> **Problem requirements**:
Below is a listing to write out in full, exactly as given, without its pictures.

> **Records for processing**:
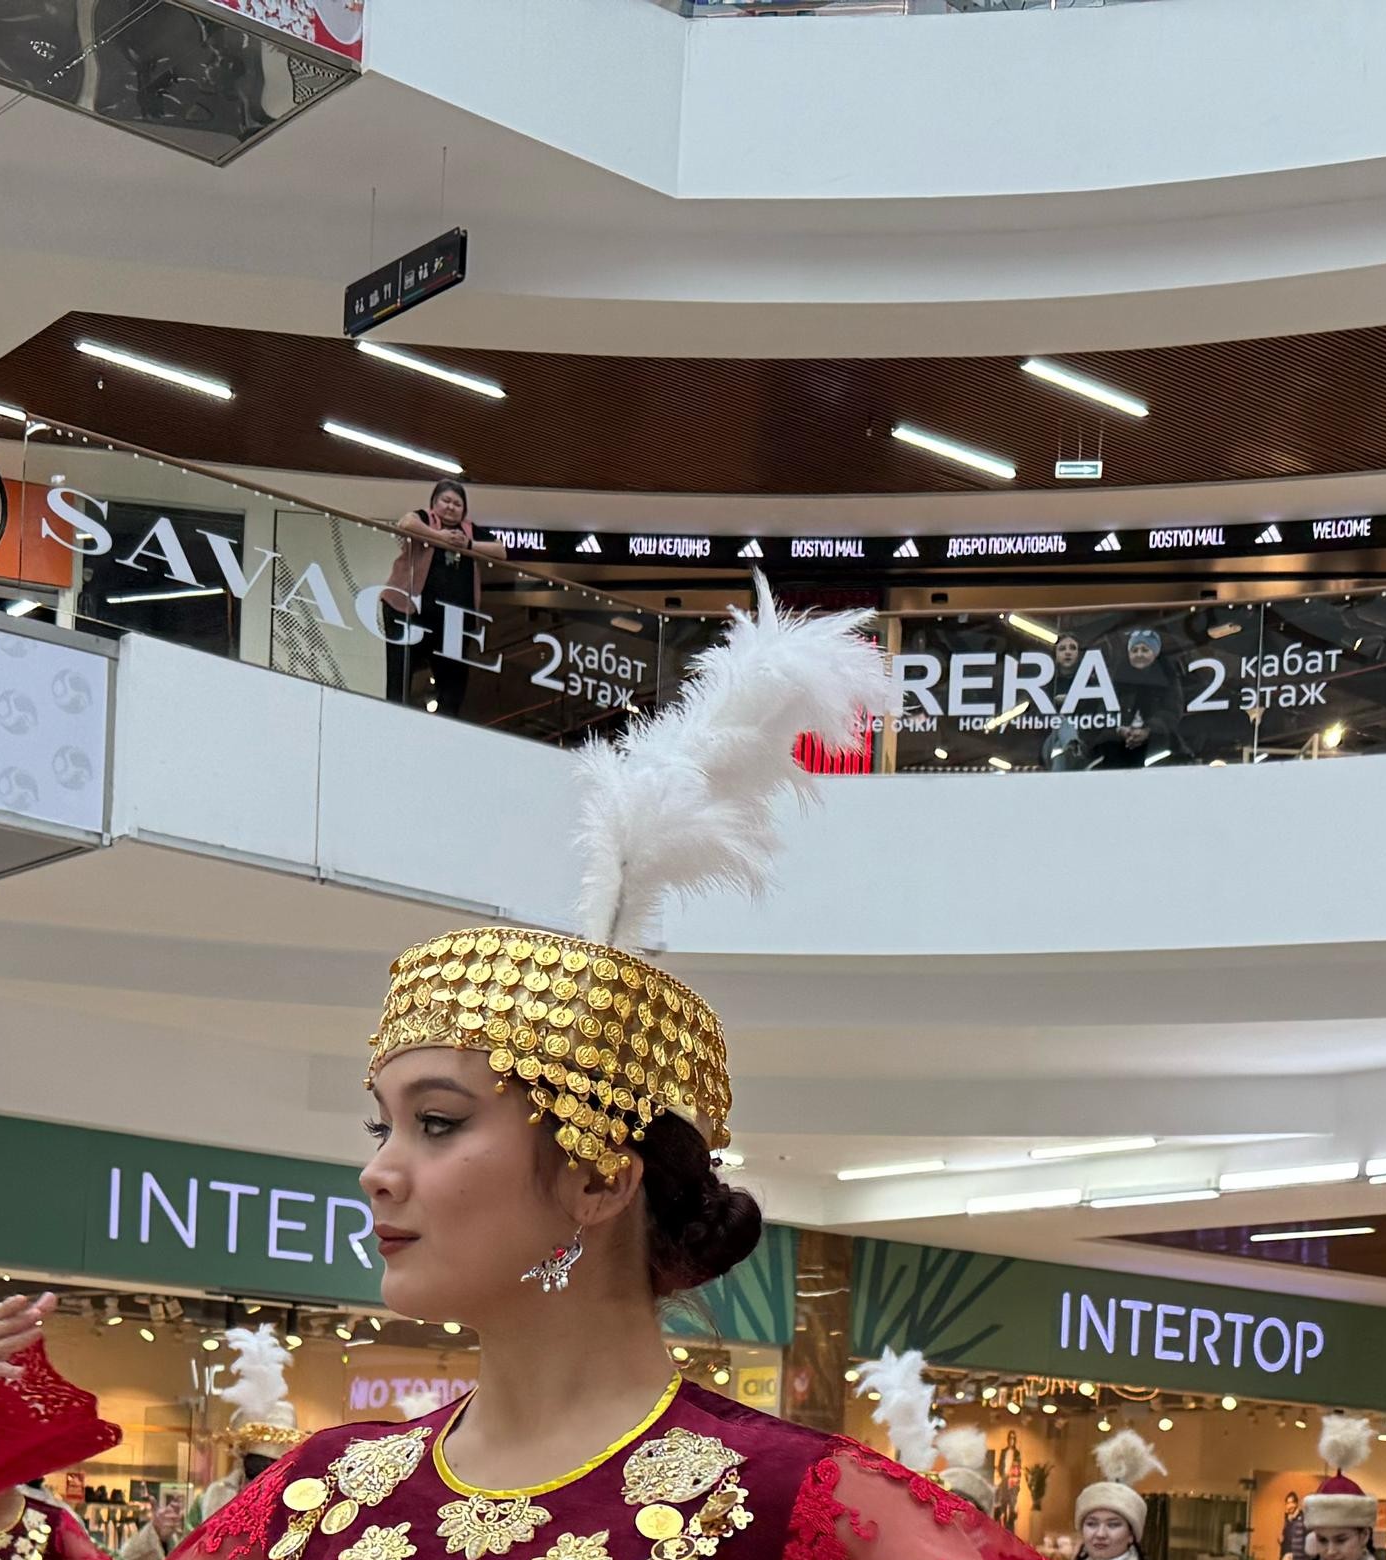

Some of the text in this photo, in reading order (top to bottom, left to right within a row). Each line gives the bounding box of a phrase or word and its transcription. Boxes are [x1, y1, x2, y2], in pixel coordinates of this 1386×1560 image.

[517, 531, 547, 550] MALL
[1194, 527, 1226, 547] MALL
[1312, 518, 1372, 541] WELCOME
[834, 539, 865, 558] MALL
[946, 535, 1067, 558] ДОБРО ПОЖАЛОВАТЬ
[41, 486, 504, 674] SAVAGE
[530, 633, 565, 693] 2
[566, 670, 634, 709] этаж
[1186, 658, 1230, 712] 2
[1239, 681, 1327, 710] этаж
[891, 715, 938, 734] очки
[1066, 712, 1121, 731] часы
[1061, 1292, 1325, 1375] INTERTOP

> **Response area**:
Some of the text in this photo, in reading order (top to bottom, left to right within a row). Each line gives the bounding box of a phrase or word and its transcription. Boxes are [x1, y1, x2, y2], in pixel coordinates of this 1386×1560 image.

[517, 531, 547, 550] MALL
[1194, 527, 1226, 547] MALL
[1312, 518, 1372, 541] WELCOME
[834, 539, 865, 558] MALL
[946, 535, 1067, 558] ДОБРО ПОЖАЛОВАТЬ
[41, 486, 504, 674] SAVAGE
[530, 633, 565, 693] 2
[566, 670, 634, 709] этаж
[1186, 658, 1230, 712] 2
[1239, 681, 1327, 710] этаж
[891, 715, 938, 734] очки
[1066, 712, 1121, 731] часы
[1061, 1292, 1325, 1375] INTERTOP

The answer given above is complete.